### DATA PROVIDED ###

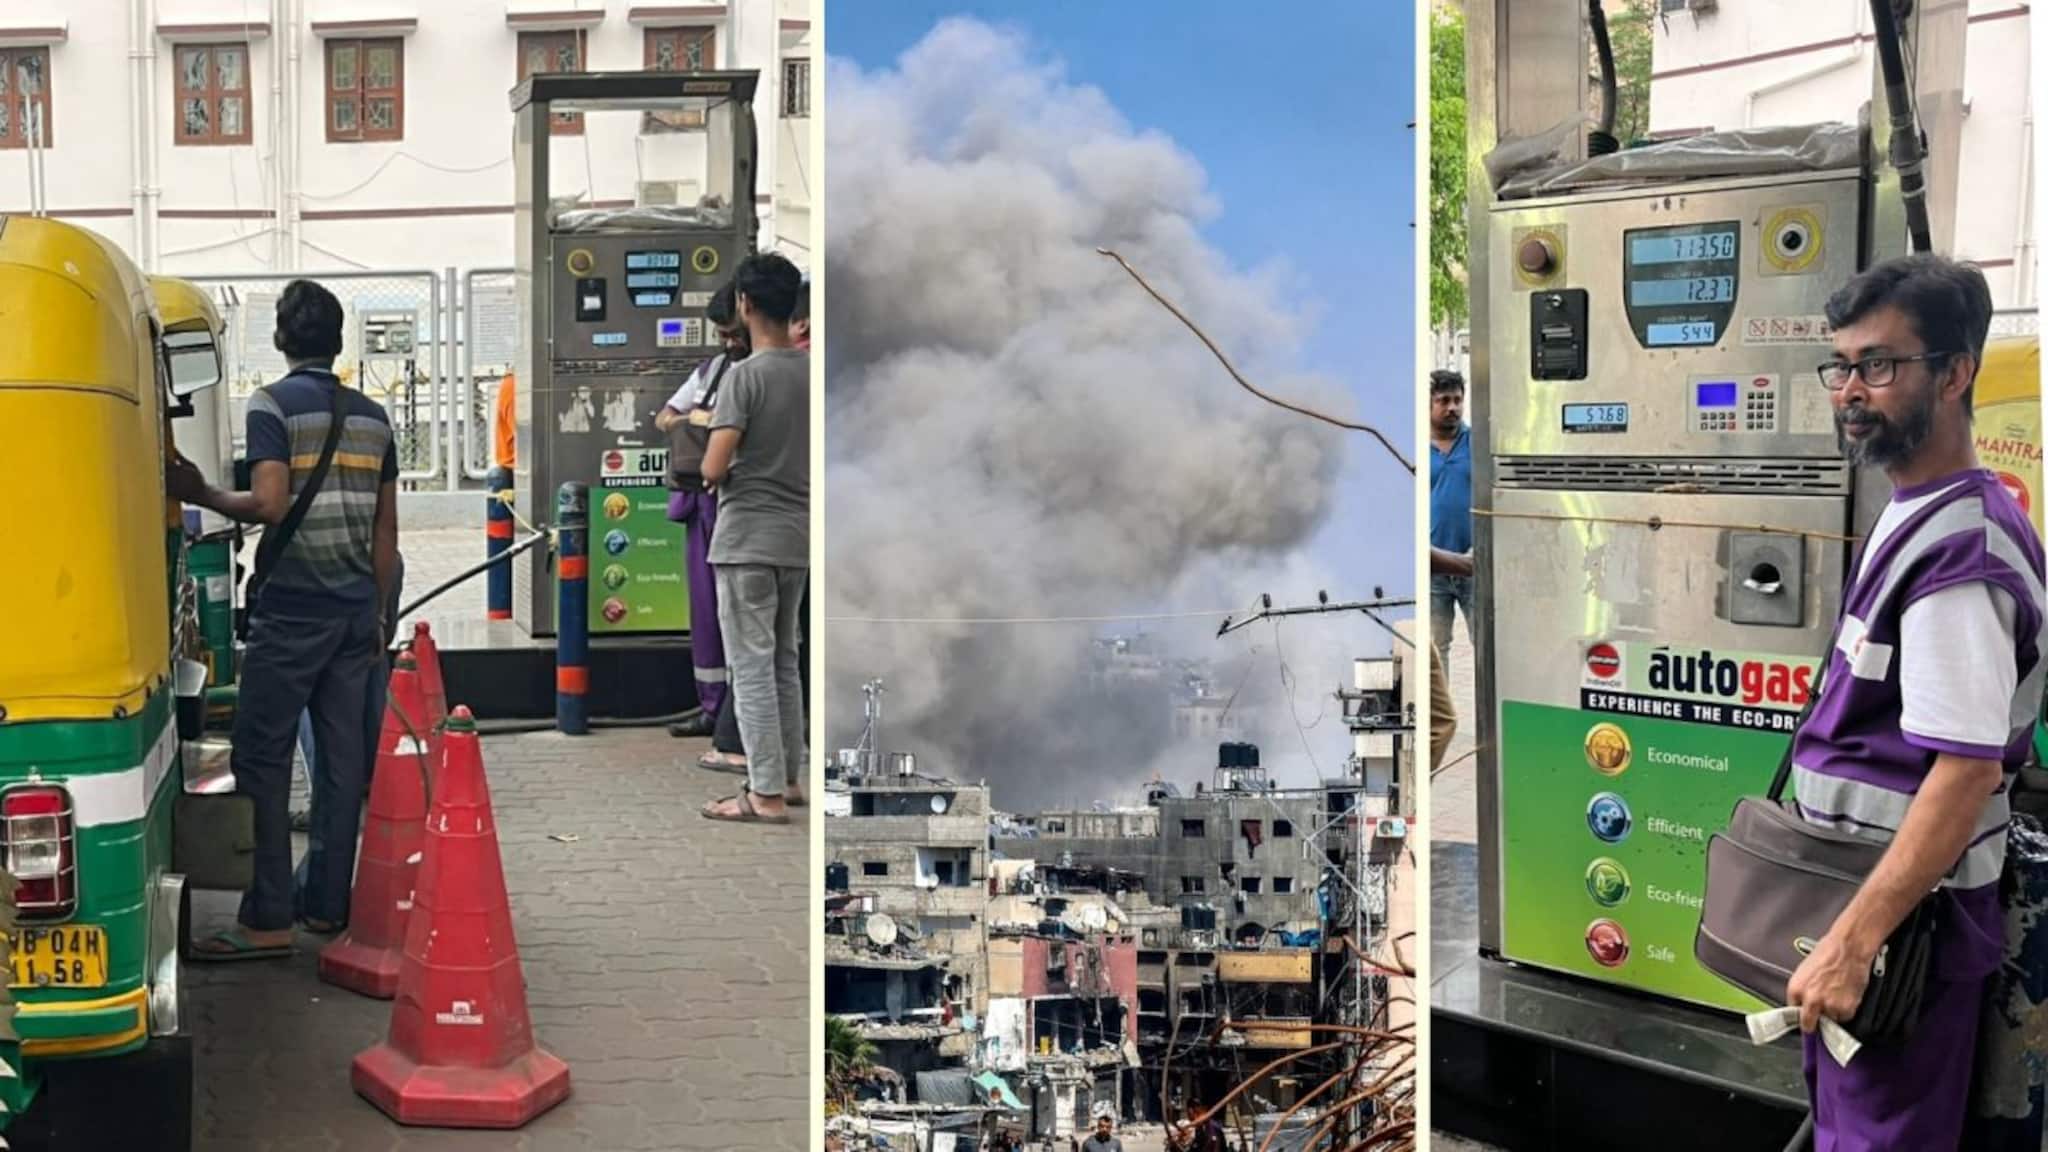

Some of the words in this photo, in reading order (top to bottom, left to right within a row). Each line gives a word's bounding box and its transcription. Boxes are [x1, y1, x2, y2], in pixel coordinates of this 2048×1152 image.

[1673, 234, 1733, 259] 713.50
[1687, 278, 1732, 301] 12.37
[1681, 324, 1713, 341] 544
[1588, 692, 1682, 718] EXPERIENCE
[1693, 704, 1722, 722] THE
[1732, 708, 1800, 731] ECO-DR
[1647, 746, 1729, 772] Economical
[1647, 816, 1703, 840] Efficient
[52, 929, 99, 956] 04H
[1646, 944, 1676, 963] Safe
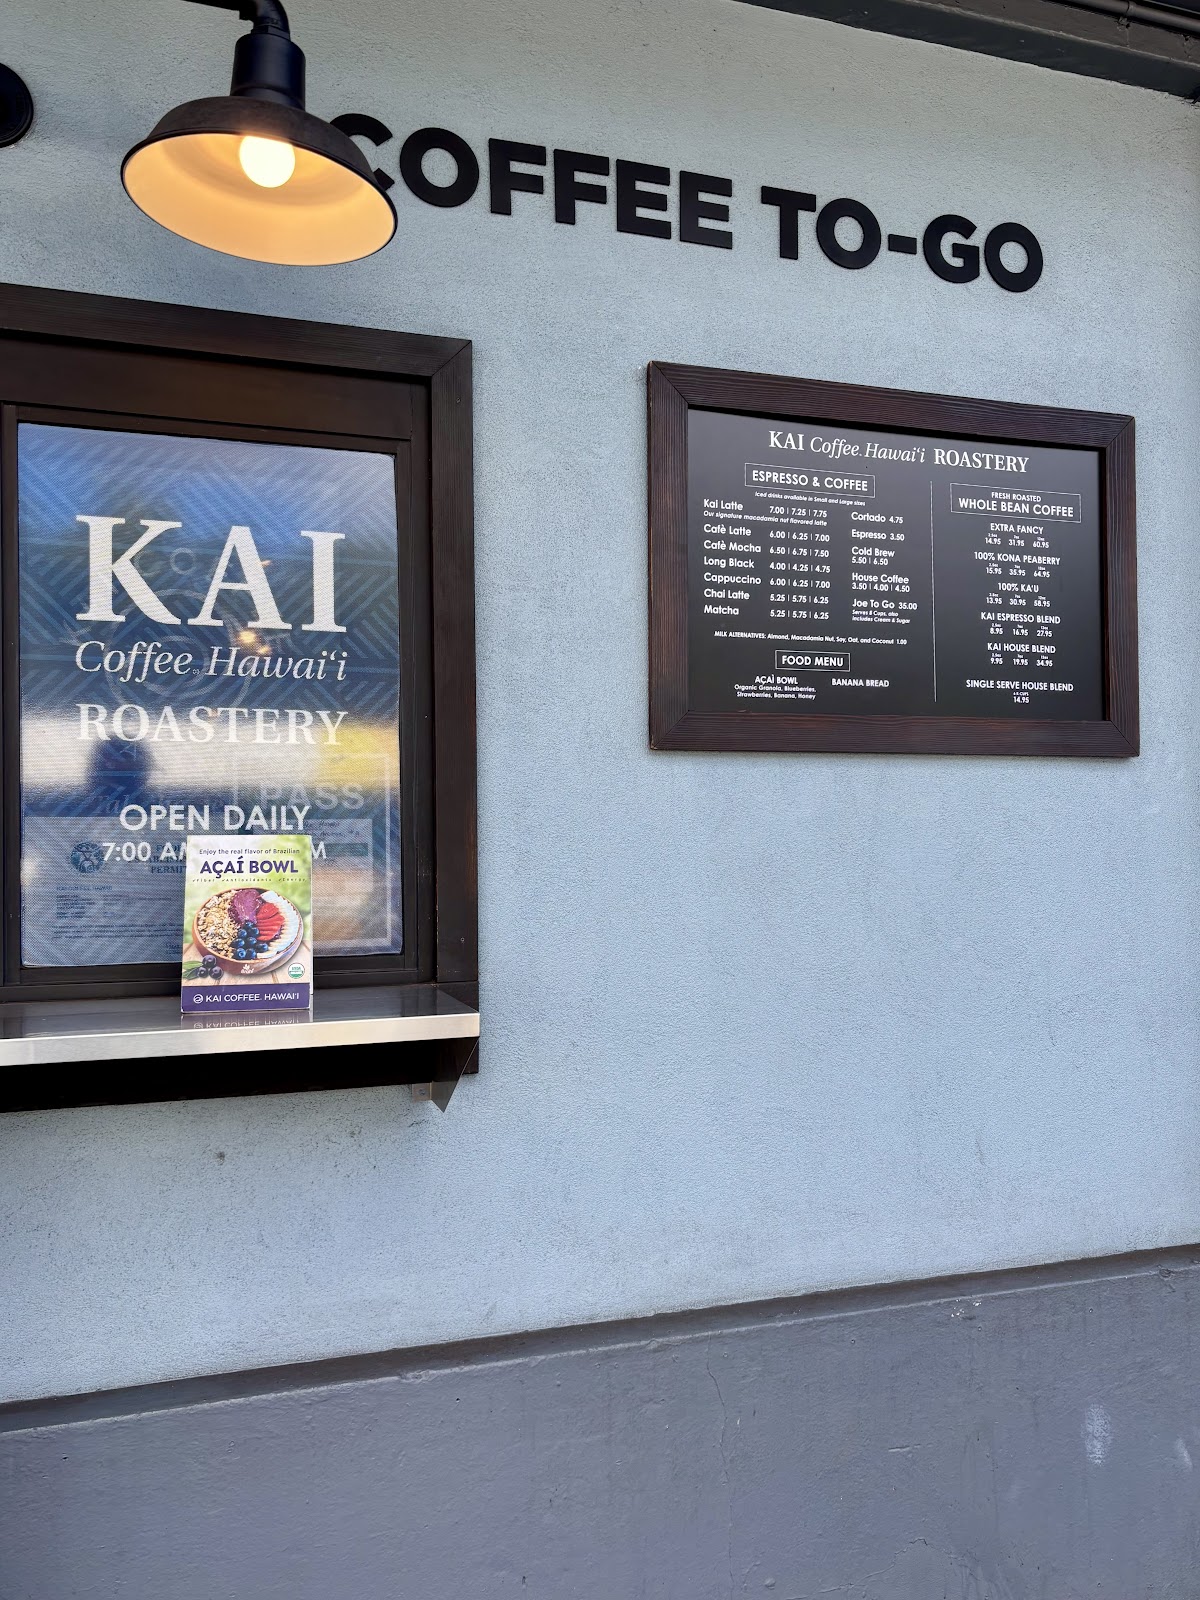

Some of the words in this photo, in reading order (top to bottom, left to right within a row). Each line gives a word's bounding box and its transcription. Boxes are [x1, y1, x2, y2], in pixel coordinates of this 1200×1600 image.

[329, 113, 733, 250] COFFEE
[761, 186, 1043, 293] TO-GO
[769, 430, 805, 450] KAI
[810, 436, 860, 458] Coffee
[934, 448, 1030, 472] ROASTERY
[752, 470, 809, 486] ESPRESSO
[812, 476, 821, 487] &
[824, 477, 868, 492] COFFEE
[991, 492, 1011, 500] FRESH
[1012, 494, 1042, 502] ROASTED
[704, 498, 718, 508] Kai
[720, 500, 744, 511] Latte
[958, 498, 998, 512] WHOLE
[1000, 501, 1030, 514] BEAN
[1033, 504, 1074, 518] COFFEE
[769, 506, 785, 514] 7.00
[792, 508, 806, 516] 7.25
[812, 509, 828, 518] 7.75
[851, 512, 886, 522] Cortado
[888, 516, 904, 524] 4.75
[716, 511, 742, 520] signature
[744, 514, 778, 522] macadamia
[790, 518, 814, 526] flavored
[729, 526, 752, 536] Latte
[990, 522, 1015, 532] EXTRA
[1016, 524, 1044, 534] FANCY
[769, 530, 786, 539] 6.00
[792, 532, 808, 540] 6.25
[814, 534, 830, 542] 7.00
[851, 528, 887, 540] Espresso
[890, 533, 905, 542] 3.50
[728, 541, 762, 553] Mocha
[985, 537, 1002, 545] 14.95
[1008, 539, 1025, 547] 31.95
[1032, 541, 1050, 549] 60.95
[769, 546, 786, 555] 6.50
[792, 548, 808, 556] 6.75
[814, 549, 830, 558] 7.50
[851, 546, 873, 556] Cold
[874, 548, 895, 558] Brew
[704, 556, 727, 568] Long
[728, 558, 755, 568] Black
[852, 556, 867, 564] 5.50
[873, 558, 889, 566] 6.50
[974, 552, 996, 561] 100%
[998, 554, 1022, 563] KONA
[1023, 555, 1061, 566] PEABERRY
[76, 514, 346, 633] KAI
[769, 562, 786, 570] 4.00
[792, 563, 809, 572] 4.25
[814, 565, 831, 574] 4.75
[986, 567, 1002, 575] 15.95
[1009, 568, 1026, 576] 35.95
[1034, 570, 1050, 578] 64.95
[704, 572, 762, 584] Cappuccino
[769, 578, 786, 586] 6.00
[792, 579, 809, 588] 6.25
[815, 580, 831, 589] 7.00
[852, 572, 879, 582] House
[880, 574, 910, 584] Coffee
[852, 582, 868, 590] 3.50
[873, 583, 889, 592] 4.00
[894, 585, 910, 593] 4.50
[998, 582, 1019, 592] 100%
[704, 588, 726, 598] Chai
[728, 590, 750, 600] Latte
[769, 594, 786, 602] 5.25
[792, 594, 808, 604] 5.75
[813, 596, 829, 604] 6.25
[852, 598, 868, 608] Joe
[870, 599, 880, 608] To
[882, 600, 896, 609] Go
[898, 602, 918, 610] 35.00
[986, 596, 1002, 605] 13.95
[1009, 598, 1026, 606] 30.95
[704, 604, 740, 615] Matcha
[769, 609, 786, 618] 5.25
[792, 610, 808, 620] 5.75
[813, 612, 830, 620] 6.25
[980, 612, 995, 621] KAI
[997, 612, 1035, 623] ESPRESSO
[1036, 614, 1061, 624] BLEND
[714, 630, 728, 638] MILK
[728, 631, 767, 640] ALTERNATIVES:
[790, 634, 824, 642] Macadamia
[1012, 628, 1029, 636] 16.95
[1036, 630, 1053, 638] 27.95
[987, 642, 1002, 651] KAI
[1003, 644, 1030, 653] HOUSE
[1032, 644, 1056, 654] BLEND
[76, 640, 193, 682] Coffee
[782, 654, 812, 666] FOOD
[814, 656, 844, 667] MENU
[1012, 658, 1029, 666] 19.95
[776, 676, 799, 684] BOWL
[831, 678, 864, 687] BANANA
[866, 679, 890, 688] BREAD
[966, 679, 995, 690] SINGLE
[996, 680, 1020, 690] SERVE
[1022, 682, 1048, 691] HOUSE
[1050, 682, 1074, 692] BLEND
[734, 684, 758, 692] Organic
[1013, 696, 1030, 704] 14.95
[76, 704, 348, 746] ROASTERY
[259, 783, 366, 810] PASS
[119, 804, 210, 831] OPEN
[224, 804, 311, 831] DAILY
[102, 842, 151, 862] 7:00
[311, 840, 327, 860] M
[199, 848, 217, 856] Enjoy
[200, 856, 244, 878] AÇAÍ
[249, 860, 299, 874] BOWL
[205, 994, 222, 1002] KAI
[224, 994, 260, 1002] COFFEE

###

### INSTRUCTIONS FOR THE TASK:
Leaving pictures aside, write out each record above exactly as given.

### RESPONSE TO THE TASK:
Some of the words in this photo, in reading order (top to bottom, left to right within a row). Each line gives a word's bounding box and its transcription. Boxes are [x1, y1, x2, y2], in pixel coordinates of this 2048×1152 image.

[1673, 234, 1733, 259] 713.50
[1687, 278, 1732, 301] 12.37
[1681, 324, 1713, 341] 544
[1588, 692, 1682, 718] EXPERIENCE
[1693, 704, 1722, 722] THE
[1732, 708, 1800, 731] ECO-DR
[1647, 746, 1729, 772] Economical
[1647, 816, 1703, 840] Efficient
[52, 929, 99, 956] 04H
[1646, 944, 1676, 963] Safe

Some of the words in this photo, in reading order (top to bottom, left to right within a row). Each line gives a word's bounding box and its transcription. Boxes are [x1, y1, x2, y2], in pixel coordinates of this 1200×1600 image.

[329, 113, 733, 250] COFFEE
[761, 186, 1043, 293] TO-GO
[769, 430, 805, 450] KAI
[810, 436, 860, 458] Coffee
[934, 448, 1030, 472] ROASTERY
[752, 470, 809, 486] ESPRESSO
[812, 476, 821, 487] &
[824, 477, 868, 492] COFFEE
[991, 492, 1011, 500] FRESH
[1012, 494, 1042, 502] ROASTED
[704, 498, 718, 508] Kai
[720, 500, 744, 511] Latte
[958, 498, 998, 512] WHOLE
[1000, 501, 1030, 514] BEAN
[1033, 504, 1074, 518] COFFEE
[769, 506, 785, 514] 7.00
[792, 508, 806, 516] 7.25
[812, 509, 828, 518] 7.75
[851, 512, 886, 522] Cortado
[888, 516, 904, 524] 4.75
[716, 511, 742, 520] signature
[744, 514, 778, 522] macadamia
[790, 518, 814, 526] flavored
[729, 526, 752, 536] Latte
[990, 522, 1015, 532] EXTRA
[1016, 524, 1044, 534] FANCY
[769, 530, 786, 539] 6.00
[792, 532, 808, 540] 6.25
[814, 534, 830, 542] 7.00
[851, 528, 887, 540] Espresso
[890, 533, 905, 542] 3.50
[728, 541, 762, 553] Mocha
[985, 537, 1002, 545] 14.95
[1008, 539, 1025, 547] 31.95
[1032, 541, 1050, 549] 60.95
[769, 546, 786, 555] 6.50
[792, 548, 808, 556] 6.75
[814, 549, 830, 558] 7.50
[851, 546, 873, 556] Cold
[874, 548, 895, 558] Brew
[704, 556, 727, 568] Long
[728, 558, 755, 568] Black
[852, 556, 867, 564] 5.50
[873, 558, 889, 566] 6.50
[974, 552, 996, 561] 100%
[998, 554, 1022, 563] KONA
[1023, 555, 1061, 566] PEABERRY
[76, 514, 346, 633] KAI
[769, 562, 786, 570] 4.00
[792, 563, 809, 572] 4.25
[814, 565, 831, 574] 4.75
[986, 567, 1002, 575] 15.95
[1009, 568, 1026, 576] 35.95
[1034, 570, 1050, 578] 64.95
[704, 572, 762, 584] Cappuccino
[769, 578, 786, 586] 6.00
[792, 579, 809, 588] 6.25
[815, 580, 831, 589] 7.00
[852, 572, 879, 582] House
[880, 574, 910, 584] Coffee
[852, 582, 868, 590] 3.50
[873, 583, 889, 592] 4.00
[894, 585, 910, 593] 4.50
[998, 582, 1019, 592] 100%
[704, 588, 726, 598] Chai
[728, 590, 750, 600] Latte
[769, 594, 786, 602] 5.25
[792, 594, 808, 604] 5.75
[813, 596, 829, 604] 6.25
[852, 598, 868, 608] Joe
[870, 599, 880, 608] To
[882, 600, 896, 609] Go
[898, 602, 918, 610] 35.00
[986, 596, 1002, 605] 13.95
[1009, 598, 1026, 606] 30.95
[704, 604, 740, 615] Matcha
[769, 609, 786, 618] 5.25
[792, 610, 808, 620] 5.75
[813, 612, 830, 620] 6.25
[980, 612, 995, 621] KAI
[997, 612, 1035, 623] ESPRESSO
[1036, 614, 1061, 624] BLEND
[714, 630, 728, 638] MILK
[728, 631, 767, 640] ALTERNATIVES:
[790, 634, 824, 642] Macadamia
[1012, 628, 1029, 636] 16.95
[1036, 630, 1053, 638] 27.95
[987, 642, 1002, 651] KAI
[1003, 644, 1030, 653] HOUSE
[1032, 644, 1056, 654] BLEND
[76, 640, 193, 682] Coffee
[782, 654, 812, 666] FOOD
[814, 656, 844, 667] MENU
[1012, 658, 1029, 666] 19.95
[776, 676, 799, 684] BOWL
[831, 678, 864, 687] BANANA
[866, 679, 890, 688] BREAD
[966, 679, 995, 690] SINGLE
[996, 680, 1020, 690] SERVE
[1022, 682, 1048, 691] HOUSE
[1050, 682, 1074, 692] BLEND
[734, 684, 758, 692] Organic
[1013, 696, 1030, 704] 14.95
[76, 704, 348, 746] ROASTERY
[259, 783, 366, 810] PASS
[119, 804, 210, 831] OPEN
[224, 804, 311, 831] DAILY
[102, 842, 151, 862] 7:00
[311, 840, 327, 860] M
[199, 848, 217, 856] Enjoy
[200, 856, 244, 878] AÇAÍ
[249, 860, 299, 874] BOWL
[205, 994, 222, 1002] KAI
[224, 994, 260, 1002] COFFEE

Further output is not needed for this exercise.